In the case of Iran, Western countries contend that Iran's failure to disclose the construction of enrichment facilities is in contravention of its obligation under the Treaty on the Non-Proliferation of Nuclear Weapons (NPT) and its Safeguards Agreement. Iran, on the other hand, relies on NPT Article 4(1) and insists on its right to enrich uranium for peaceful purposes.

Catherine Ashton, High Representative of the European Union for Foreign Affairs and Security Policy meets with Saeed Jalili, Secretary of Iran's Supreme National Security Council, at the P5-1 talks in April 2012. Photo courtesy of the European Union.

In January, Oxford scholar Dapo Akande posed the following question on the website of the European Journal of International Law: if Iran withdrew from the NPT, would the Security Council be legally justified to impose on Iran, through a Chapter VII resolution, obligations contained in the NPT and the Safeguards Agreement?

The Security Council has already determined implicitly, in a series of resolutions adopted under Chapter VII, that the Iranian nuclear program constitutes a threat to international peace and security. So a priori, there would be nothing to prevent the Council from imposing obligations contained in the NPT on Iran. Thus, even as a non-party to the NPT, Iran may continue to be subject to the same obligations, since decisions taken under Chapter VII are binding on all UN member states.

Yet there would be something unsettling about such a move by the Security Council. After all, Iran, by withdrawing from the NPT, would simply be exercising the right provided to all state parties under NPT Article X: 'Each Party shall in exercising its national sovereignty have the right to withdraw from the Treaty if it decides that extraordinary events, related to the subject matter of this Treaty, have jeopardized the supreme interests of its country.'

Respect for national sovereignty and the consensual nature of treaty obligations lies at the heart of the question. [fold]

While the letter of the UN Charter suggests that the Council would be empowered to impose NPT treaty obligations on Iran, this would clash with that country's expressed will not to be bound by NPT obligations.

This would not be the first time the Security Council had imposed treaty-like obligations on states. As Vera Gowlland-Debbas noted in a recent paper, in the last decade the Security Council has become increasingly involved in the law-making 'industry' through Chapter VII resolutions, especially in the area of non-proliferation.

Some of these resolutions have practically copied and pasted treaty obligations into Security Council resolutions that are now binding on states not party to these agreements (prominent examples include resolutions 1373 and 1540). In country-specific cases, resolutions 1718 and 1874 on North Korea are examples of resolutions imposing treaty obligations on non-parties. North Korea withdrew from the NPT in 2002. Yet following North Korea's nuclear test in 2006, the Security Council demanded that it act in accordance with the obligations of the NPT and the Safeguards Agreement. North Korea's latest nuclear test calls into question the effectiveness of that approach.

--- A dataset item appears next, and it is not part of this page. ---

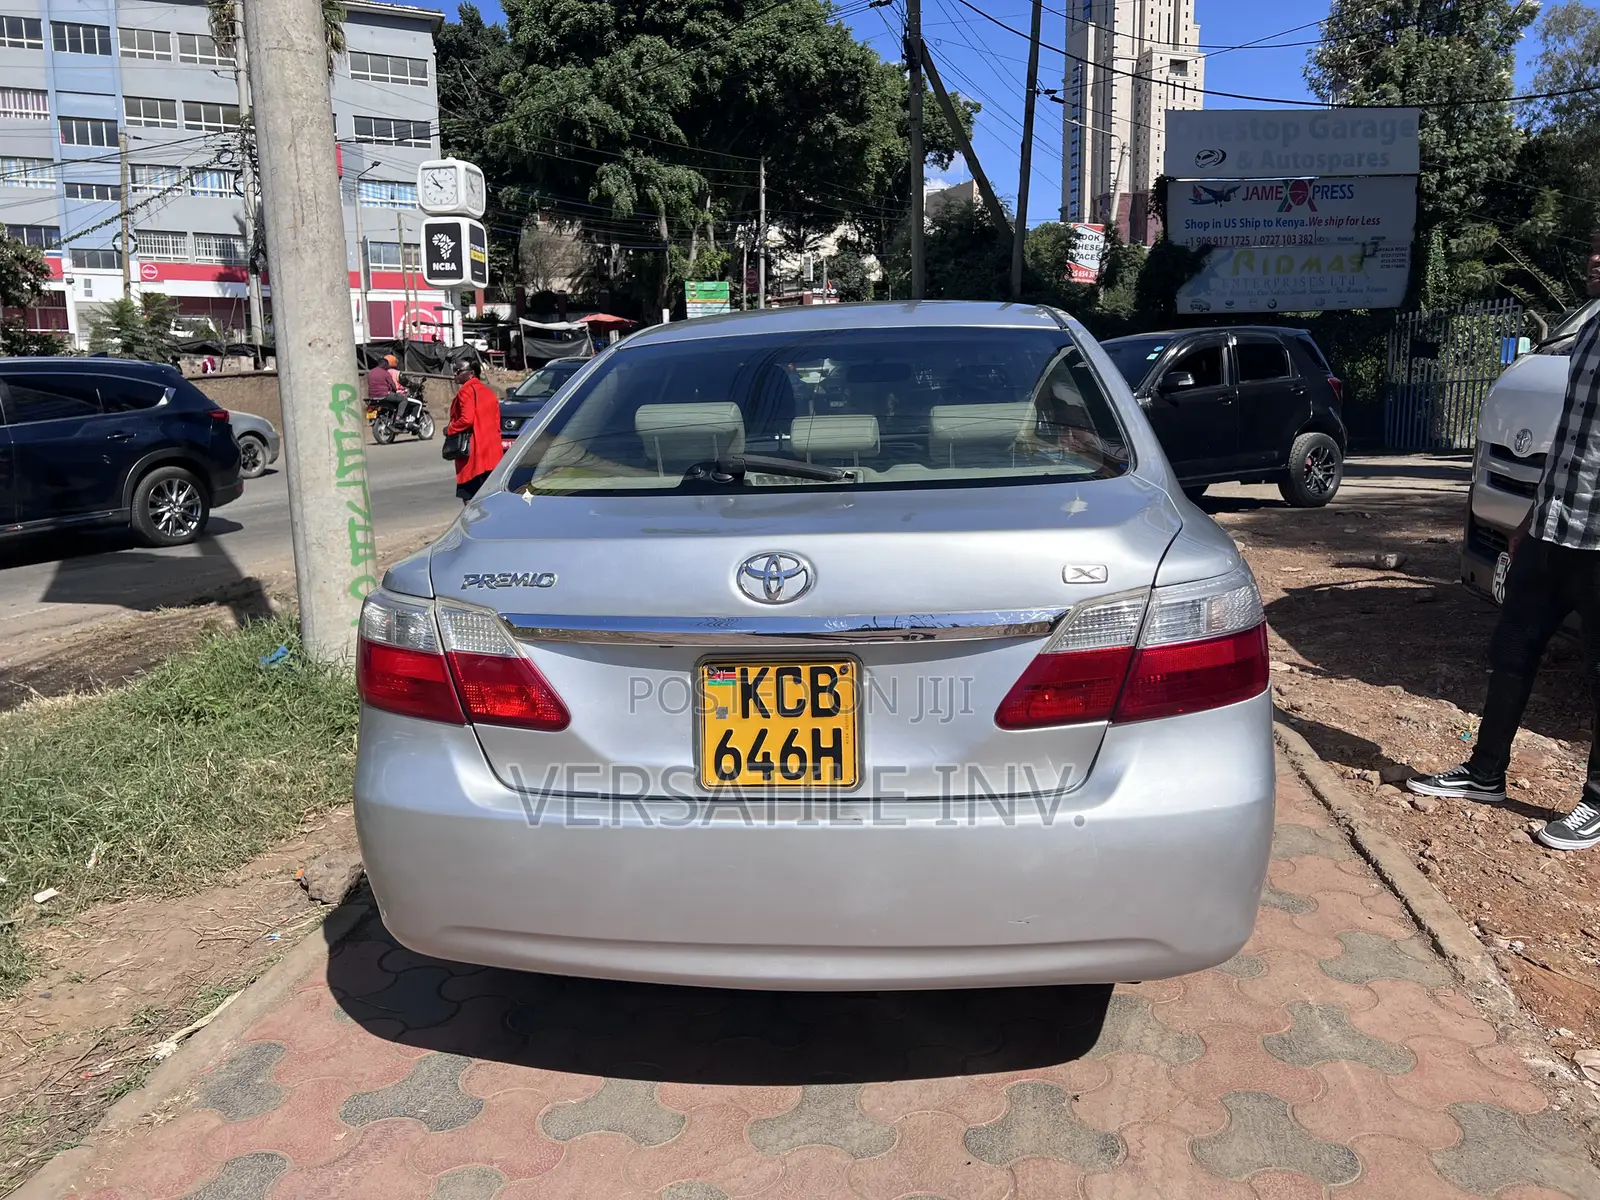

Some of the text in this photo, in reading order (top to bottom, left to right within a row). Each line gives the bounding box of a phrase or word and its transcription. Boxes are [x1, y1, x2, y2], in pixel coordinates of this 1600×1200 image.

While some of these decisions may have been justified from the standpoint of maintaining international peace and security, the composition of the Security Council, the risk of double standards and the lack of transparency in its decision-making process casts a shadow on this recent practice of enforcing unendorsed treaty obligations through Article 39 of the UN Charter and the determination of a threat to international peace and security. This is further complicated by the fact that the Security Council's understanding of what constitutes a threat to international peace and security has become increasingly broad in the last two decades.